- Theatrical release poster
- Directed by: Carl Strathie
- Written by: Carl Strathie
- Produced by: Charlette Kilby Alan Latham Carl Strathie Steven Ogg Caleb Wilson
- Starring: Steven Ogg Alice Lowe
- Cinematography: Bart Sienkiewicz
- Edited by: Chris Timson
- Music by: David Stone Hamilton
- Production companies: Premiere Picture Strathie Film
- Distributed by: Blue Fox Entertainment
- Release date: October 26, 2018;
- Running time: 92 minutes
- Language: English

= Solis (film) =

Solis is a 2018 sci-fi survival film written and directed by Carl Strathie, and starring Steven Ogg; featured in supporting voice roles are Alice Lowe, Sid Phoenix, Henry Douthwaite, Kate Coogan and Charlette Kilby.

The film was released in the United States on October 26, 2018.

==Plot==
Troy Holloway (Ogg), Milton and Lieutenant Harris are astronauts for the Orbis Mining Corporation on Aten 2024 DEC. After a space mining accident, Milton and Lieutenant Harris are killed.
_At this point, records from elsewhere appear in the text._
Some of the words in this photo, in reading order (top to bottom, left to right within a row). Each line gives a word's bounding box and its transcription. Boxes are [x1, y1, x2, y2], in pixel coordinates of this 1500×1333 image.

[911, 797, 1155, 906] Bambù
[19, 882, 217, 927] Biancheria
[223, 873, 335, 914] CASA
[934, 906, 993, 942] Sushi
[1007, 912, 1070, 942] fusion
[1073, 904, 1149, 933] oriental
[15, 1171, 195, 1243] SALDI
Holloway, a prospector and engineering technician, evacuates aboard the EEV Khapera 2 with Milton's corpse. Holloway, the lone survivor of the three, awakens and establishes contact with Commander Roberts, the new pilot of Hathor 18. The EEV beacon is down and Holloway is unable to inform Hathor 18 of his coordinates. Roberts attempts to triangulate the position of the EEV using the PLB.

Roberts questions Holloway as to the extent of his medical injuries, which include a concussion. Shortly after, Roberts triangulates the beacon of the EEV and discovers Holloway's position. She informs him that the EEVs departure from DEC has set him on course for the Sun, a fact which Holloway had already assumed with the Sun visible from the EEVs window.

Holloway is informed of the many damaged parts of the EEV including temperature control issues and a radiation leak. As Roberts attempts a rescue with Hathor 18, Holloway makes repairs, sustaining multiple injuries in the process. The window of the EEV begins to crack and Holloway soon begins to lose hope. He urges Roberts to turn back and avoid an attempt to rescue him in order to save her life and the life of her fellow crew members. She informs him that she has strict orders from Control to rescue at least one member of Aten 2024 DEC.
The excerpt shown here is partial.